Plaintiffs-Appellants, )
)
v. ) No. 12-L-8
)
EXELON GENERATION COMPANY, LLC, ) Honorable
) John B. Roe,
Defendant-Appellee. ) Judge, Presiding.
______________________________________________________________________________
JUSTICE HUTCHINSON delivered the judgment of the court, with opinion.
Justices Burke and Spence concurred in the judgment and opinion.
OPINION
¶1 Plaintiffs, Rick Burge and Nelda M. Burge, appeal from an order of the circuit court of
Ogle County granting the motion of defendant, Exelon Generation Company, LLC, to dismiss
plaintiffs’ two-count negligence complaint. Defendant successfully argued that plaintiffs’
exclusive remedy was under the Workers’ Compensation Act (the Act) (820 ILCS 305/1 et seq.

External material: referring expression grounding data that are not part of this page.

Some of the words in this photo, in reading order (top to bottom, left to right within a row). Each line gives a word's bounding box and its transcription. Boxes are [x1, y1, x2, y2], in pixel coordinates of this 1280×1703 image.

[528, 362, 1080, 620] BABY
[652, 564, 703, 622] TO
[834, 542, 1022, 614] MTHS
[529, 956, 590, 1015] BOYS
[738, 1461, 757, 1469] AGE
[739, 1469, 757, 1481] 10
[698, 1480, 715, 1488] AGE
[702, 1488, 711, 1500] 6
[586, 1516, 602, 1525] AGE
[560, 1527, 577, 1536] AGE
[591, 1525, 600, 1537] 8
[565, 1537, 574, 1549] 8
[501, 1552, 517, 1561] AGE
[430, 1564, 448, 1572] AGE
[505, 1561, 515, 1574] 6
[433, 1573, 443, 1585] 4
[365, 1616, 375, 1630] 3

(West 2012)). We reverse and remand for further proceedings.
¶2 Count I of the complaint sought recovery for injuries Rick allegedly suffered due to the
unsafe condition of defendant’s premises. Count II sought recovery for Nelda’s loss of Rick’s
services and earnings and his love, affection, and companionship. It is undisputed that Rick’s
injuries arose out of and in the course of his employment with Exelon Nuclear Security, LLC
2015 IL App (2d) 141090
(ENS), and that Rick filed and settled a workers’ compensation claim against ENS. ENS is a
Delaware limited liability company organized pursuant to an agreement (the LLC Agreement)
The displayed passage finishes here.